## Task description
Omit any picture, and return the remaining data exactly as written.
- - -
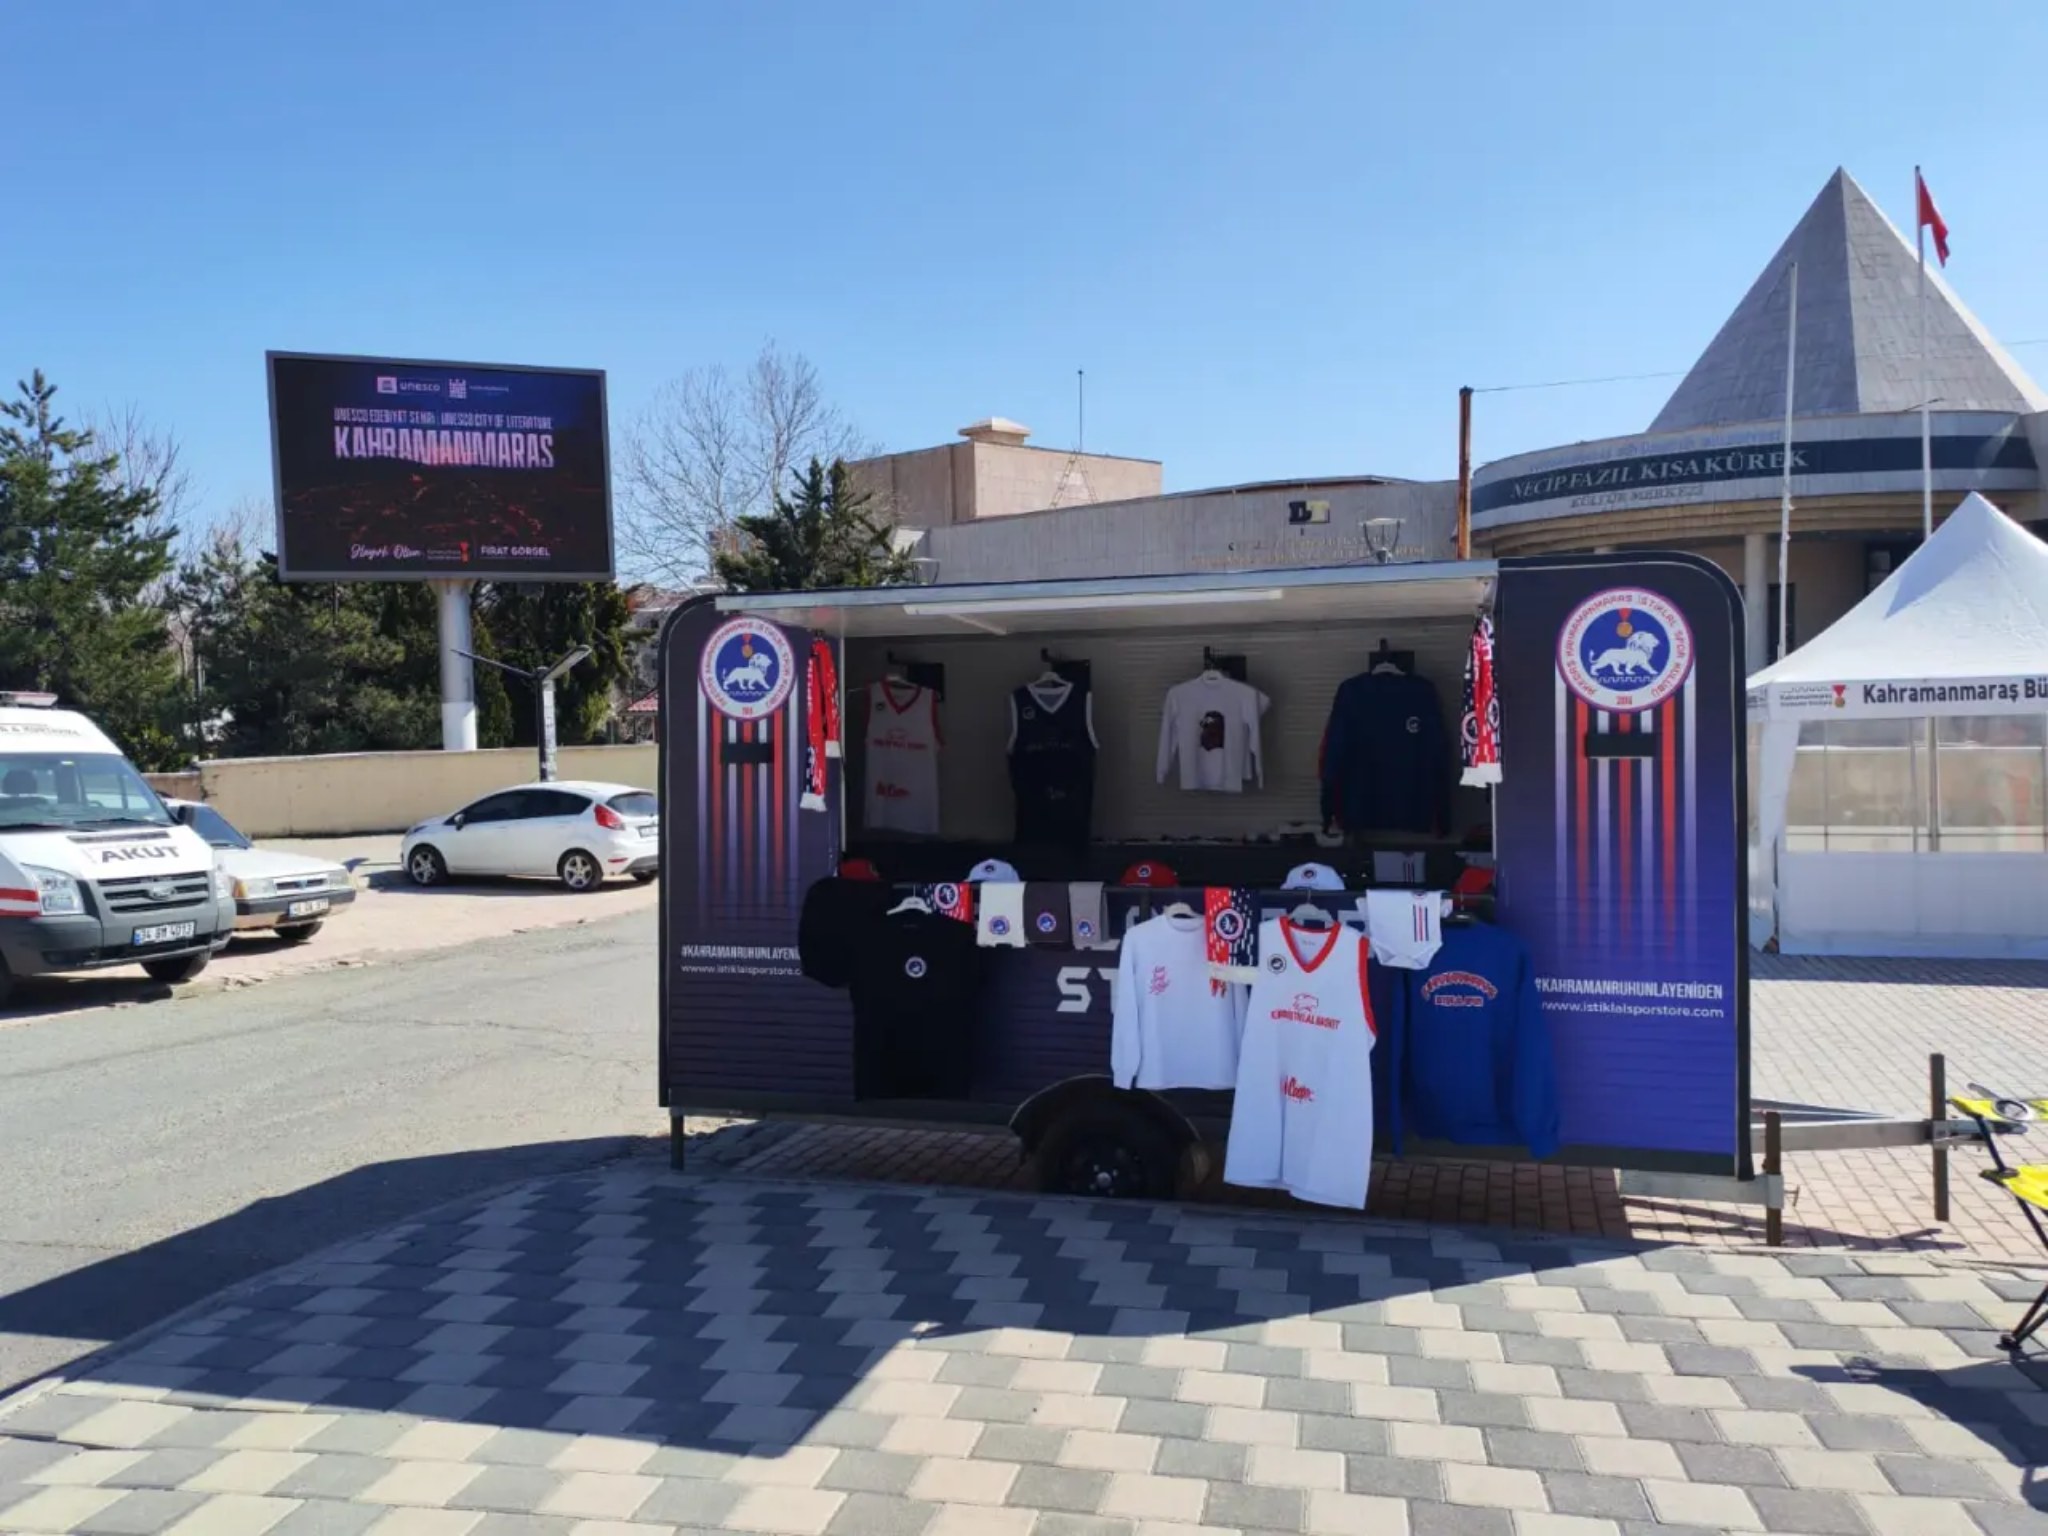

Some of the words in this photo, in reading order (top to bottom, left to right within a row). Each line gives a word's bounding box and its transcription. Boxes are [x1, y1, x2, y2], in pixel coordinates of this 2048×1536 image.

[400, 382, 440, 392] unesco
[1863, 683, 2019, 703] Kahramanmaraş
[102, 845, 180, 863] AKUT
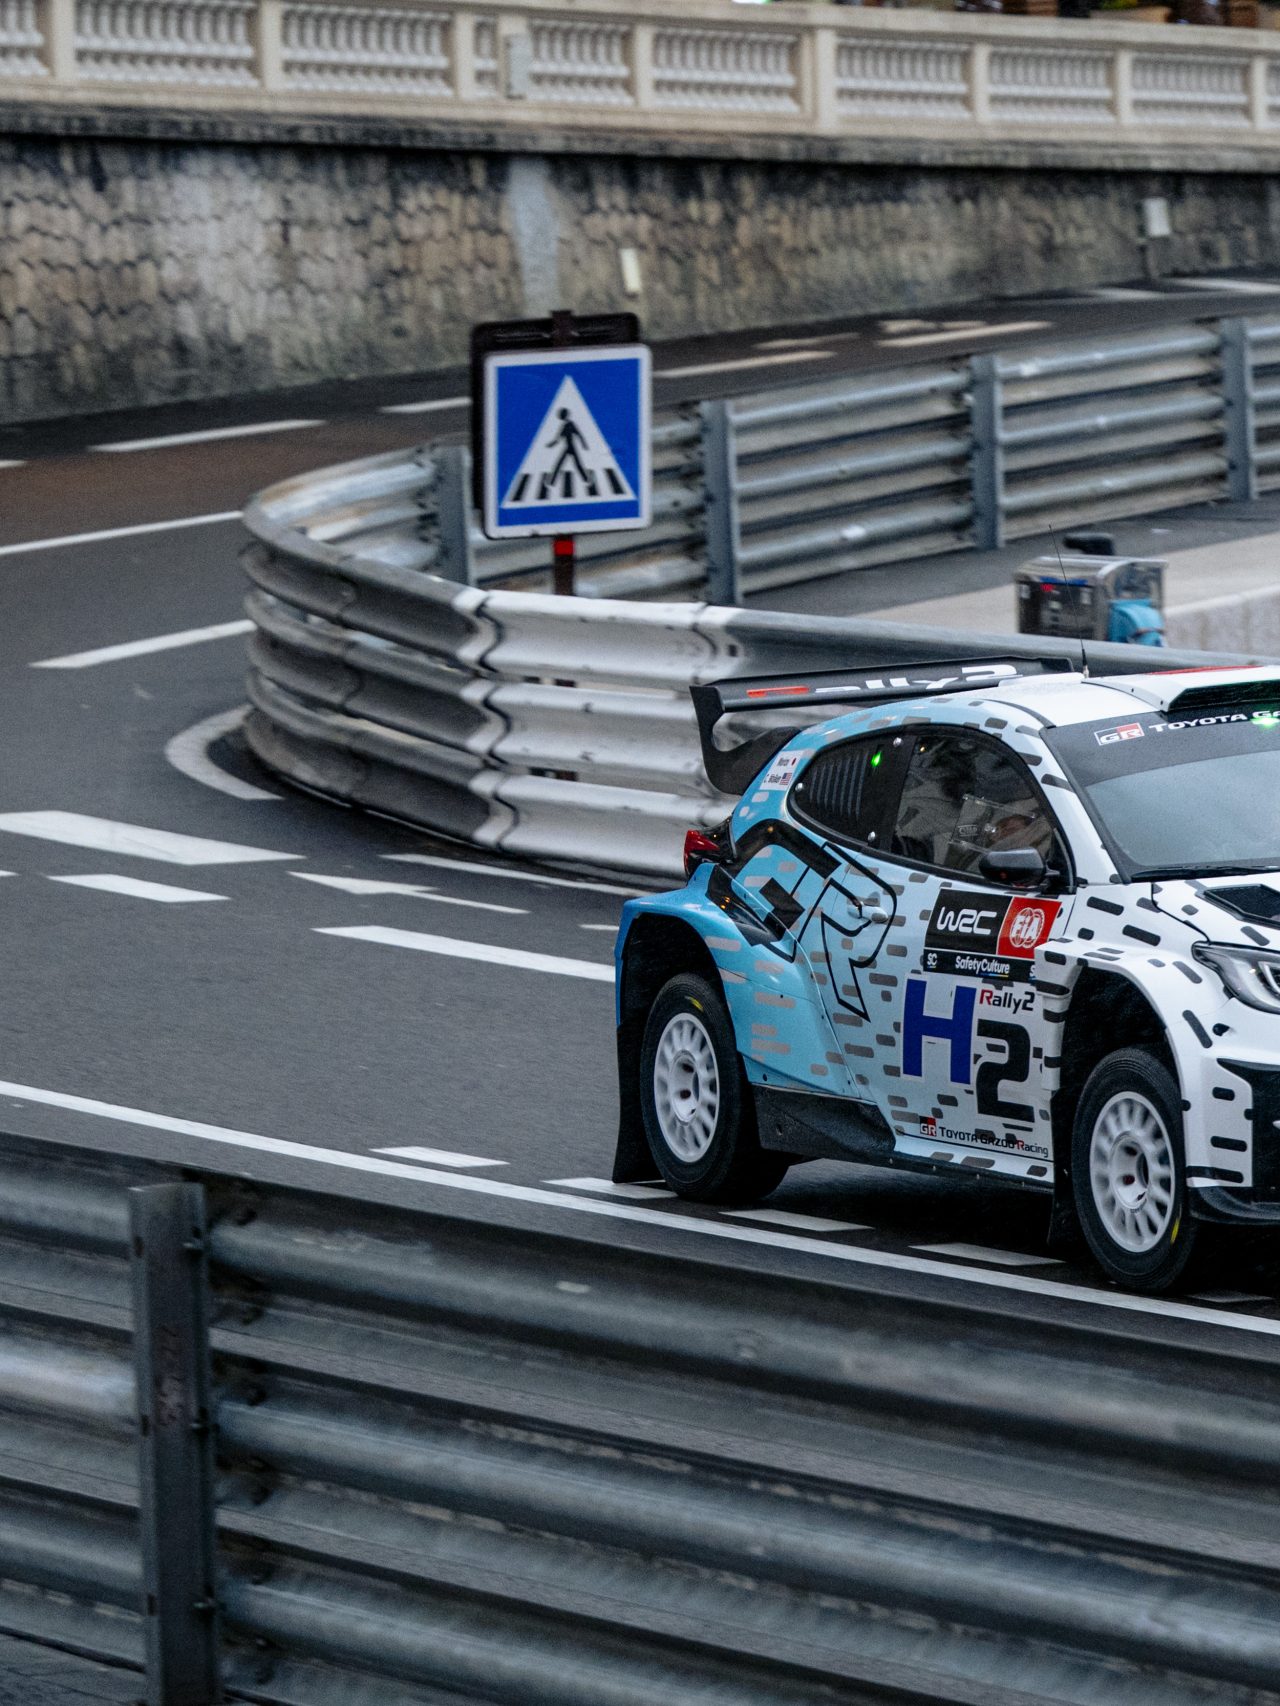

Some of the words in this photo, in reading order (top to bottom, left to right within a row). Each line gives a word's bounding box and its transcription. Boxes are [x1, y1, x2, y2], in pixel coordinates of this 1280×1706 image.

[1097, 725, 1144, 745] GR
[1149, 713, 1248, 733] TOYOTA
[936, 906, 998, 935] WRC
[955, 955, 1011, 975] SafetyCulture
[979, 988, 1035, 1014] Rally2
[902, 978, 1035, 1123] H2
[920, 1123, 937, 1137] GR
[939, 1126, 978, 1143] TOYOTA
[1015, 1140, 1049, 1158] Racing
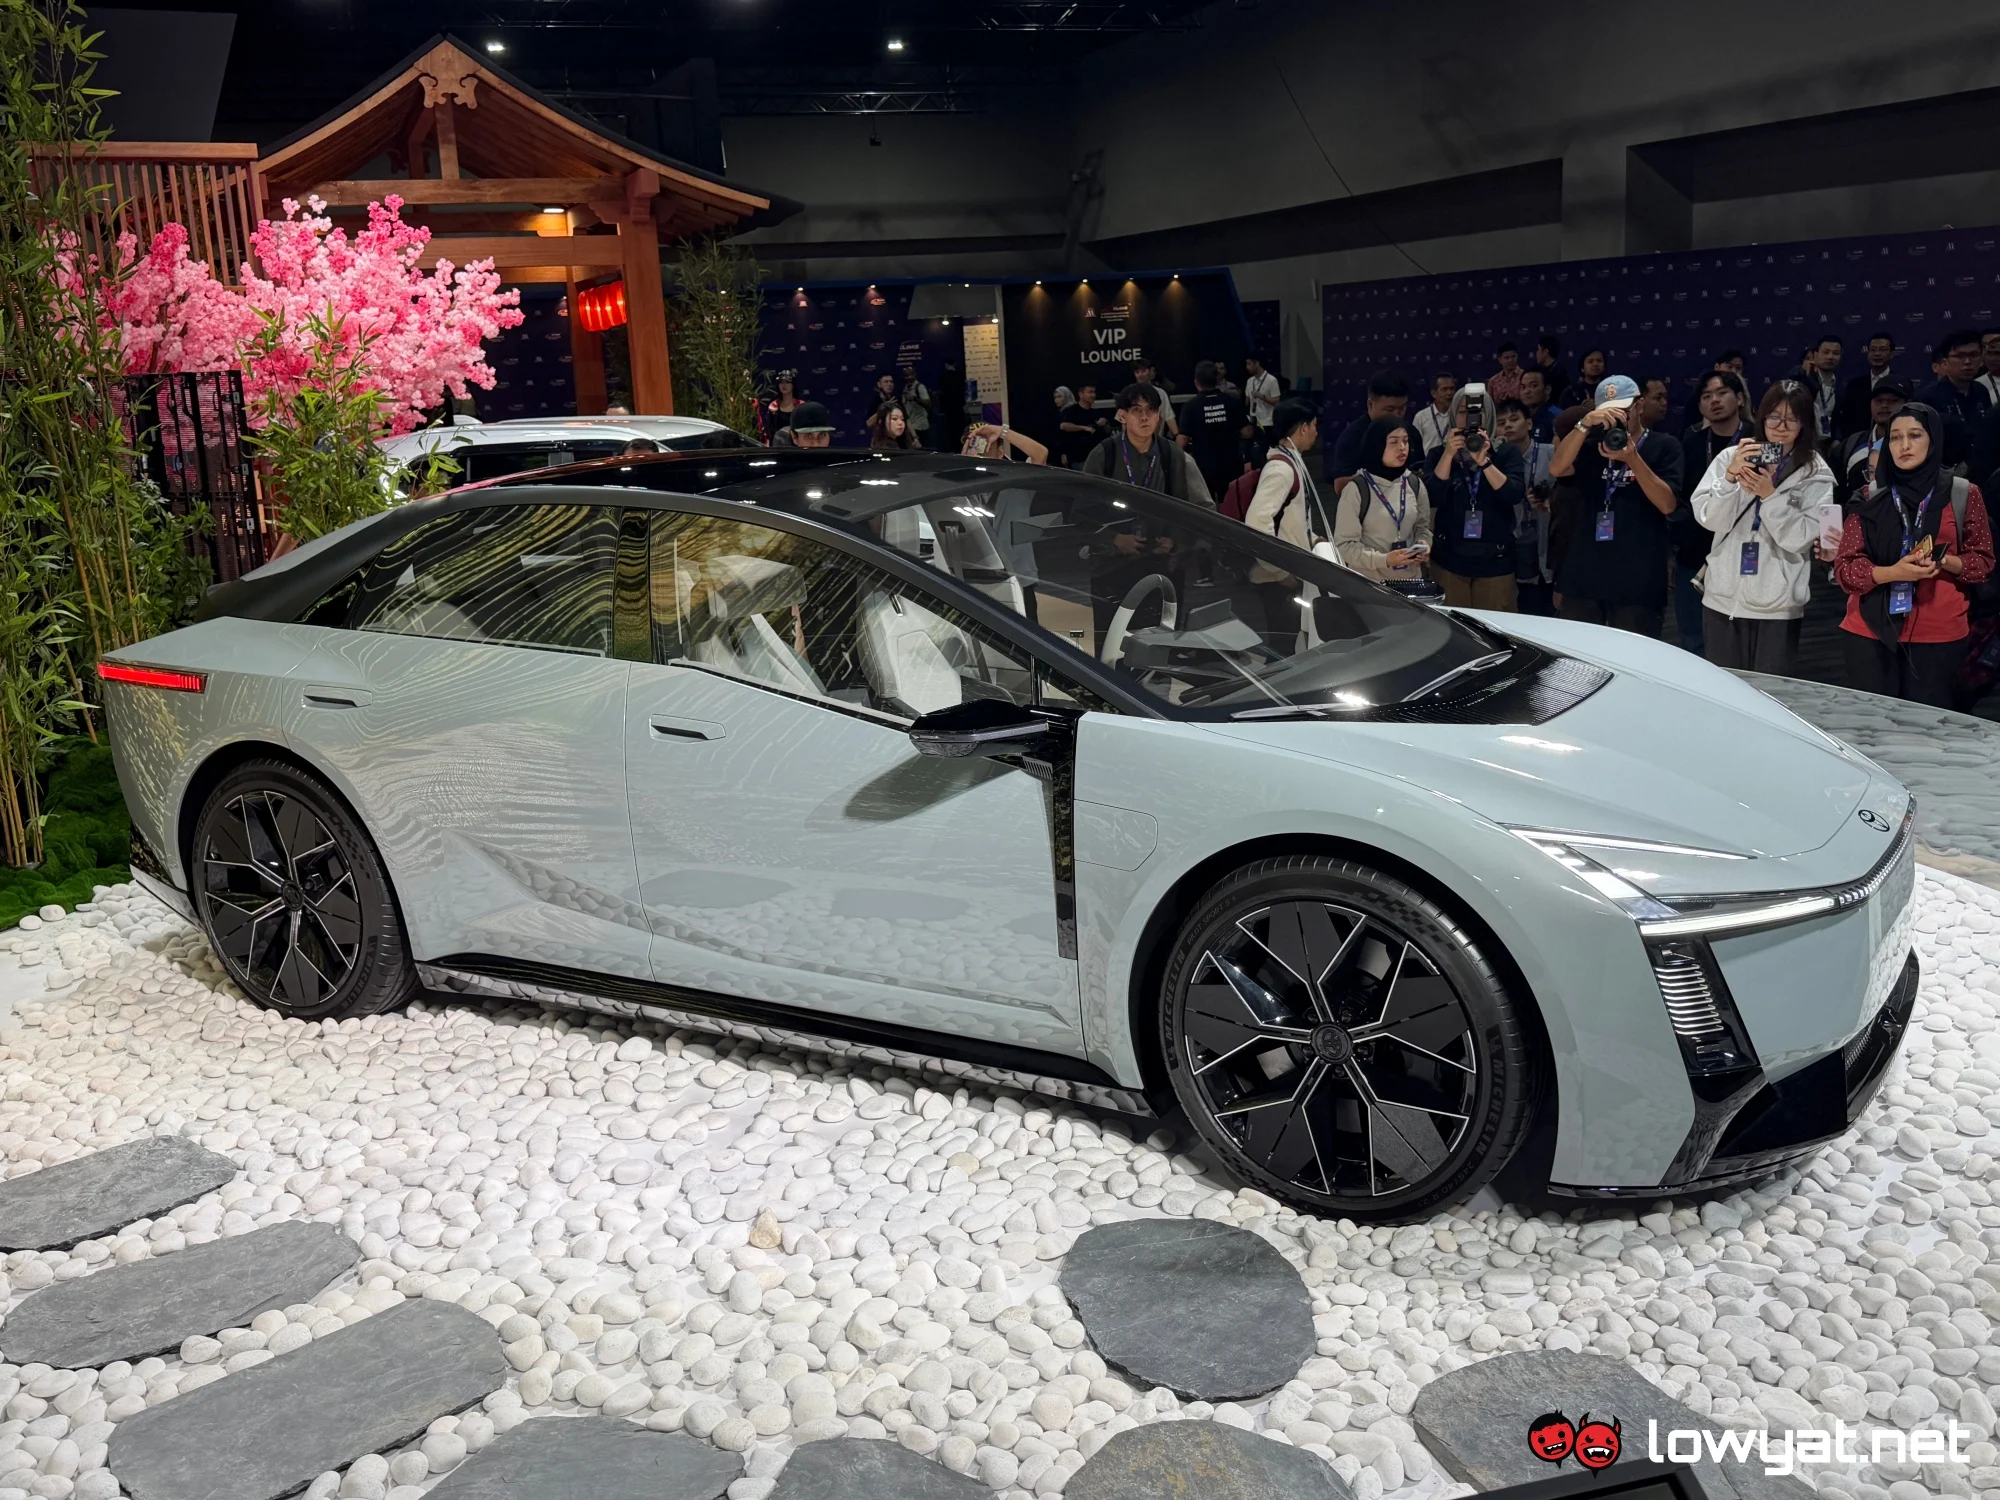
- - -
## Response to the task
Some of the words in this photo, in reading order (top to bottom, left to right within a row). Each line gives a word's bounding box and its transcription. Boxes are [x1, y1, x2, y2], in pixel coordinates of this 2048×1536 image.

[400, 382, 440, 392] unesco
[1863, 683, 2019, 703] Kahramanmaraş
[102, 845, 180, 863] AKUT

Some of the words in this photo, in reading order (top to bottom, left to right within a row). Each line gives a word's bounding box and its transcription. Boxes are [x1, y1, x2, y2], in pixel coordinates of this 1280×1706 image.

[1097, 725, 1144, 745] GR
[1149, 713, 1248, 733] TOYOTA
[936, 906, 998, 935] WRC
[955, 955, 1011, 975] SafetyCulture
[979, 988, 1035, 1014] Rally2
[902, 978, 1035, 1123] H2
[920, 1123, 937, 1137] GR
[939, 1126, 978, 1143] TOYOTA
[1015, 1140, 1049, 1158] Racing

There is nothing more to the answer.